Am Anfang war noch nicht der Pflasterstein

Am Anfang war noch nicht der Pflasterstein


Anfang der neunziger Jahre waren die Hausbesetzer in Berlin schwer aktiv. Hans Günther Bücking und ich wohnten in der Pallasstrasse in der Nähe des Winterfeldtplatzes und da gab es eine Demo nach der anderen. Ich war zu Hans gezogen und wir hatten eine nette Wohnung im Hinterhof. Leider hatte uns keiner erzählt, dass man Geschirr auch abwaschen kann und sobald sich Schimmel zeigte stellten wir deshalb die Küche unter Quarantäne und gingen essen, bis sich mal ein weibliches Wesen erbarmte und uns versuchte zu zeigen wie man eine Küche wieder nutzbar macht. Wir nahmen diese Hilfe immer dankbar an.
Manchmal kam diese Hilfe auch zu spät, dann warfen wir das Geschirr in den Müll. Es ist schon erstaunlich wie viele Schimmelvarianten es auf der Welt gibt und ich überlegte schon die Filmerei sein zu lassen und mich auf Schimmelpilze zu spezialisieren.
Das hört sich jetzt an als wären wir superfaule Säcke gewesen, stimmt aber so nicht.
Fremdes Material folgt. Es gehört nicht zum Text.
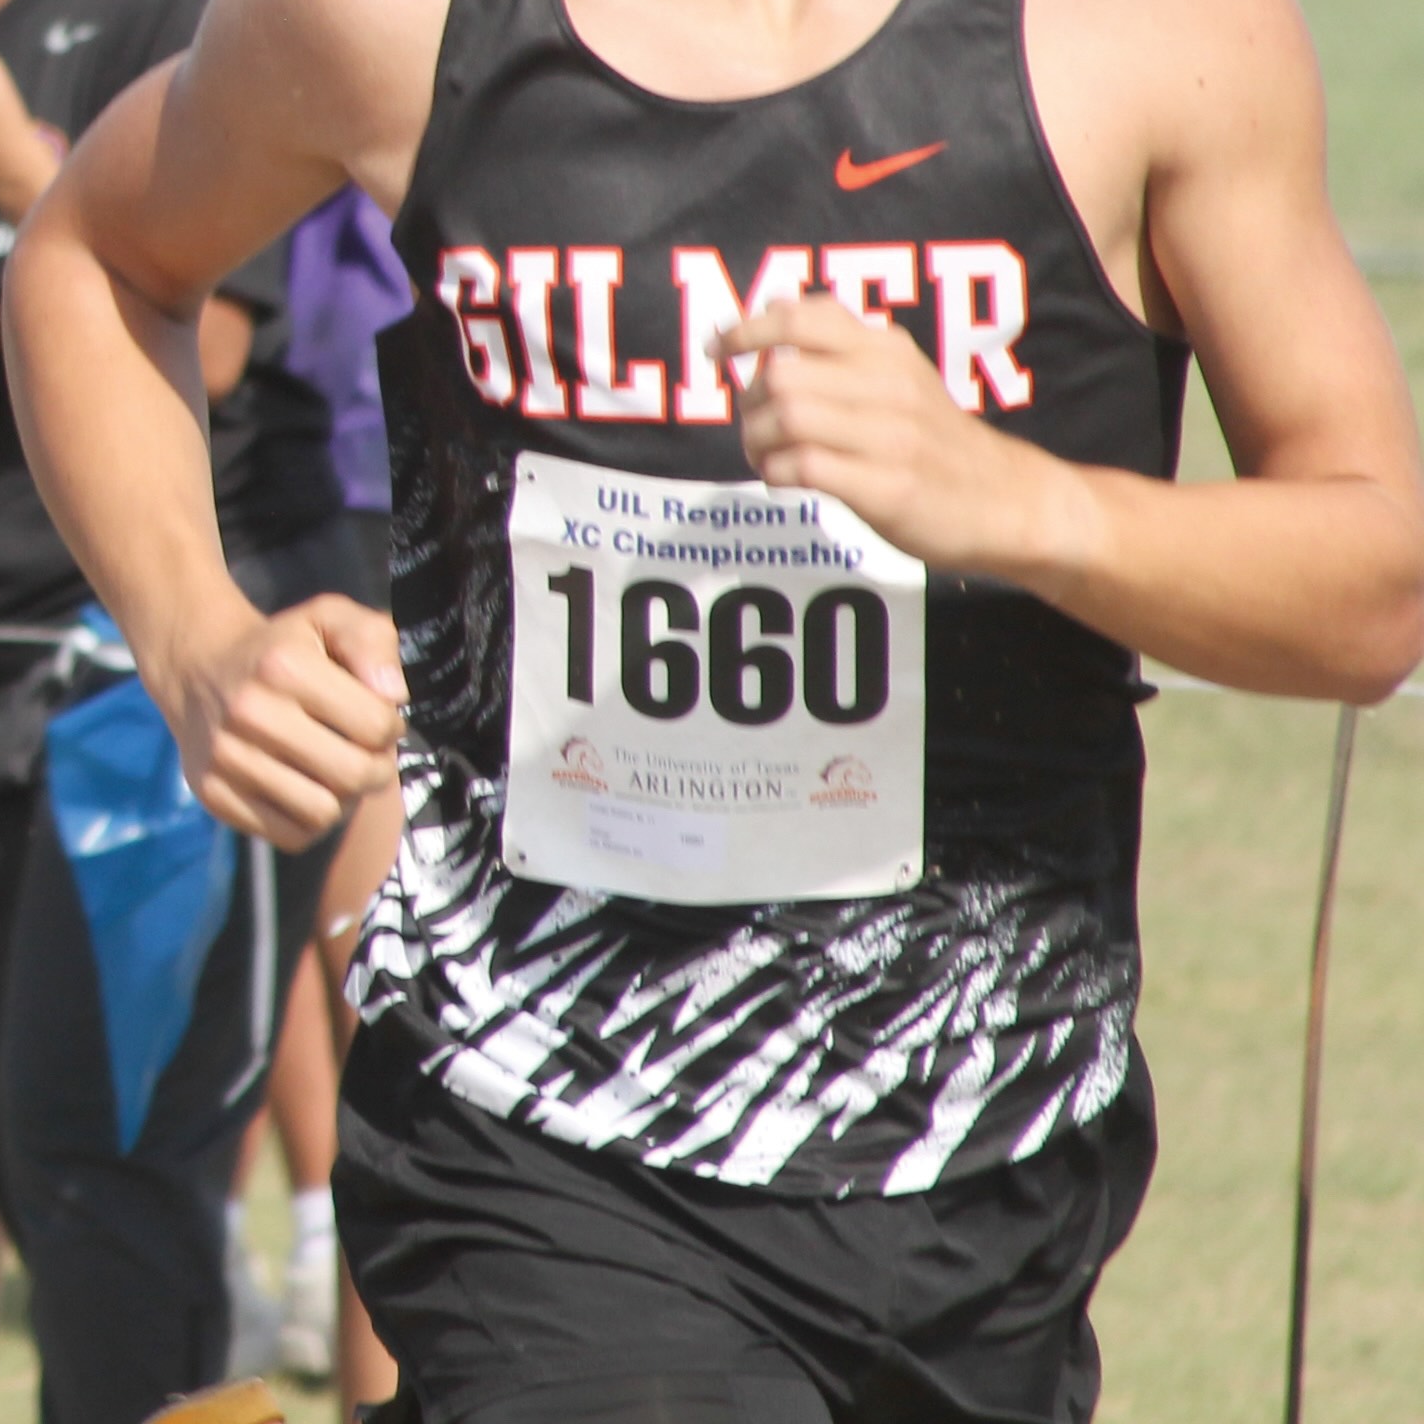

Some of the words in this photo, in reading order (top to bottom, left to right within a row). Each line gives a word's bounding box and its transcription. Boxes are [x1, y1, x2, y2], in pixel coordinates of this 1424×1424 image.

[598, 486, 649, 518] UIL
[663, 497, 786, 531] Region
[800, 499, 820, 525] II
[563, 517, 601, 548] XC
[613, 530, 865, 571] Championship
[547, 562, 890, 727] 1660
[614, 746, 639, 766] The
[647, 752, 722, 777] University
[629, 771, 784, 801] ARLINGTON
Die Arbeitstage beim Film sind nicht mit normalen Arbeitstagen in einer Firma zu vergleichen. 12 Stunden Arbeitszeit pro Tag waren bei uns einfach normal und es konnten auch leicht mal 14 oder 16 Stunden daraus werden und dies über Wochen und Monate, bei Schnee und Regen, zu den unmöglichsten Tageszeiten. Die Ausrüstungen wiegen leicht mal 100 Kilo und die karrt man Tag für Tag von Ort zu Ort. Bei der Arbeit muß man sich höllisch konzentrieren damit nichts schief geht, der kleinste Fehler kann einfach Tausende kosten, die Verantwortung ist groß. Nach spätestens 14 Tagen ist man platt, kommt von der Arbeit, geht nur schnell was essen und schläft dann bis der Wecker wieder klingelt. Kein Mensch stellt sich dann mehr in die Küche und wäscht brav ab, die meisten machen zu Hause gar nichts zu essen sondern gehen nur schnell was essen, verdienen tut man ja genug.
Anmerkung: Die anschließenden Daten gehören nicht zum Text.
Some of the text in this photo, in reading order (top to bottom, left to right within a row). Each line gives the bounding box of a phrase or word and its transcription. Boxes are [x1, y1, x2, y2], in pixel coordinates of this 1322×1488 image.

Hans war länger im Geschäft als ich und hatte immer die besseren Filme mit den berühmteren Kameramännern, galt als der beste Assistent in Deutschland, mußte dafür auch immer schwere 35 mm Ausrüstungen in den dritten Stock tragen, ich hatte es meistens mit den leichteren 16 mm Ausrüstungen zu tun, dafür waren die Filme die ich machte eher leichte Kost und wurden schnell vergessen.
Eines Tages, es gab mal wieder eine Demo und ich hatte große Mühe gehabt überhaupt neben den Mannschaftswagen der Polizei einen Parkplatz zu finden, kam Hans völlig blau geschlagen mit einer 35 mm Arri auf der Schulter in der Wohnung an. Er hatte nur mal schauen wollen was da am Winterfeldtplatz abging als die Demonstranten einen Ausbruchsversuch aus dem Polizeikessel starteten und genau in seine Richtung liefen, die Bullen hinterher.
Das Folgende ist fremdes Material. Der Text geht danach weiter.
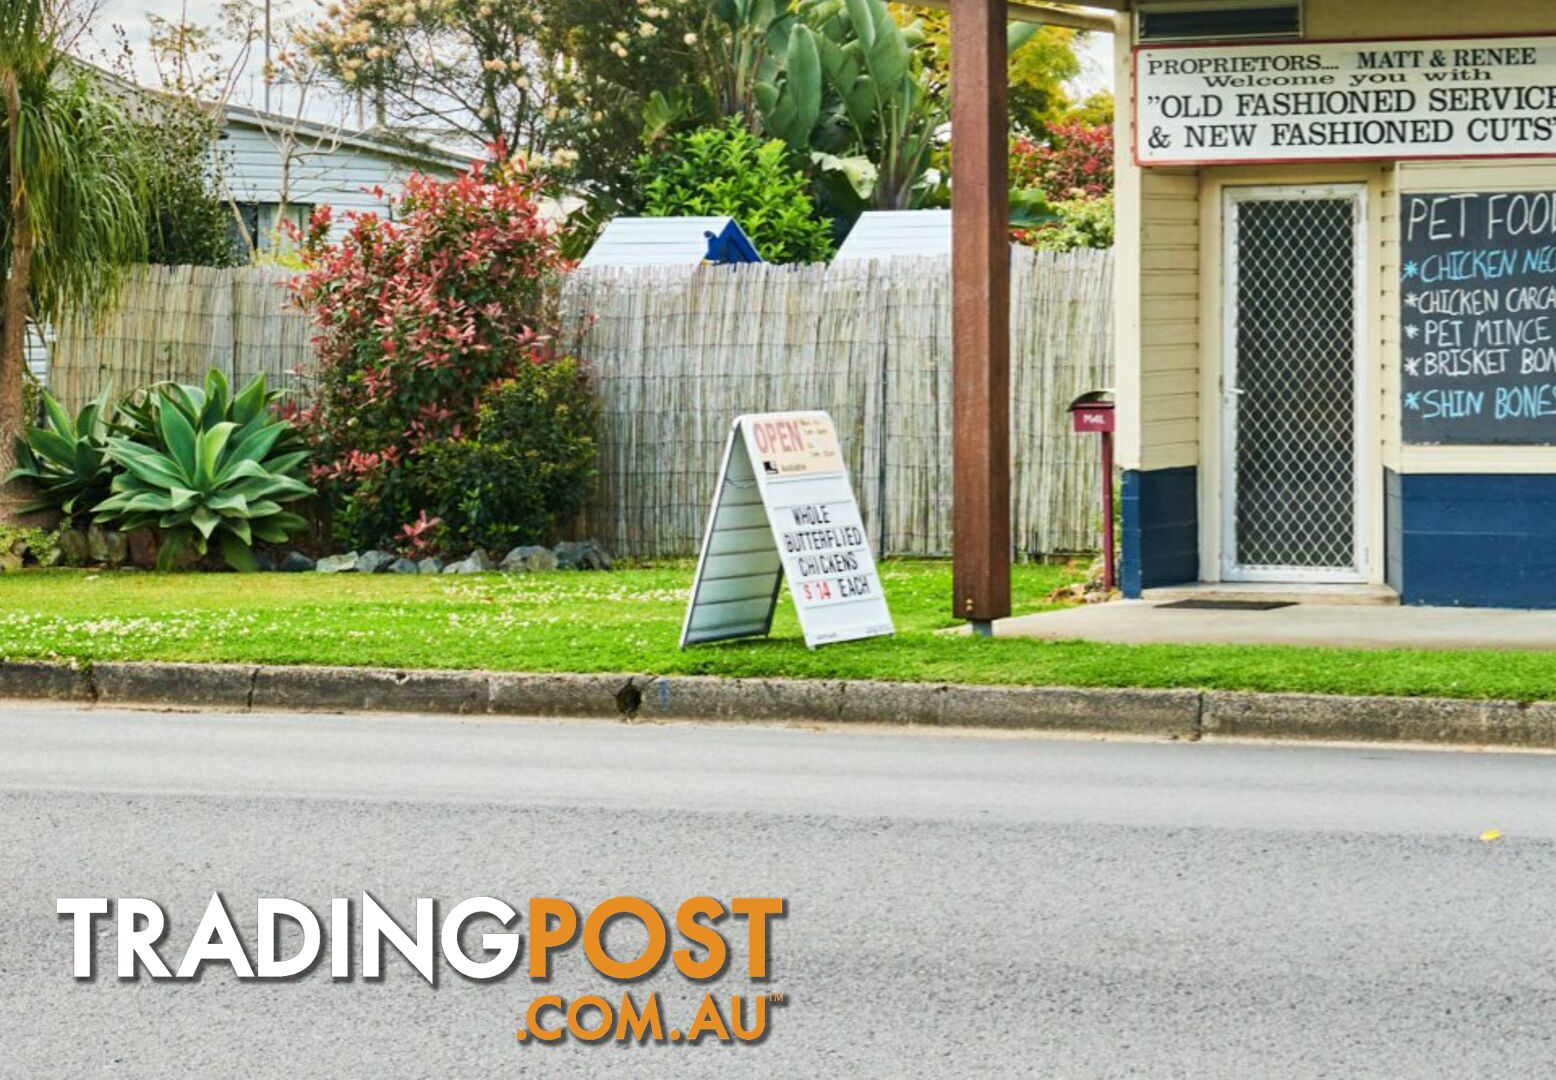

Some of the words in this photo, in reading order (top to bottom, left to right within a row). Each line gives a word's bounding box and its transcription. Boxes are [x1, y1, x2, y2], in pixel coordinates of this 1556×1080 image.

[1357, 50, 1423, 69] MATT
[1429, 50, 1446, 68] &
[1454, 47, 1536, 66] RENEE
[1203, 74, 1335, 88] Welcome
[1349, 72, 1407, 87] you
[1424, 68, 1492, 81] with
[1236, 89, 1416, 116] FASHIONED
[1148, 126, 1171, 149] &
[1184, 124, 1257, 147] NEW
[1271, 119, 1454, 145] FASHIONED
[1408, 194, 1478, 241] PET
[1421, 249, 1517, 282] CHICKEN
[1418, 288, 1498, 315] CHICKEN
[1424, 320, 1462, 346] PET
[1474, 317, 1551, 347] MINCE
[1424, 348, 1509, 376] BRISKET
[1422, 389, 1483, 418] SHIN
[753, 421, 804, 453] OPEN
[793, 506, 830, 525] WHOLE
[785, 527, 861, 552] BUTTERFLIED
[799, 552, 857, 576] CHICKENS
[838, 576, 870, 597] EACH
Da er natürlich mit der schweren Kamera auf der Schulter nicht so schnell laufen konnte, liessen die Bullen ihren Frust an ihm aus, deshalb die blauen Flecken.
Wir hatten kaum unsere Ausrüstungen in unseren Zimmern verstaut, die aussahen wie ein mittlerer Kameraverleih, da wummerte es an der Tür: Aufmachen, Polizei. Wir öffneten und eine halbe Hundertschaft Bullen stürmte in unsere Wohnung auf der Suche nach Demonstranten. Sie nervten uns mit Fragen über die Kameraausrüstungen und dachten allen Ernstes das sich bei uns Demonstranten versteckt hielten. Die Durchsuchung endete als ein Polizist mit einer Taschenlampe unsere Abstellkammer durchsuchen wollte, leider war da schon seit Monaten die Birne kaputt, er übersah einen querliegenden Besen und fiel voll auf die Fresse mitten in unsere Kammer.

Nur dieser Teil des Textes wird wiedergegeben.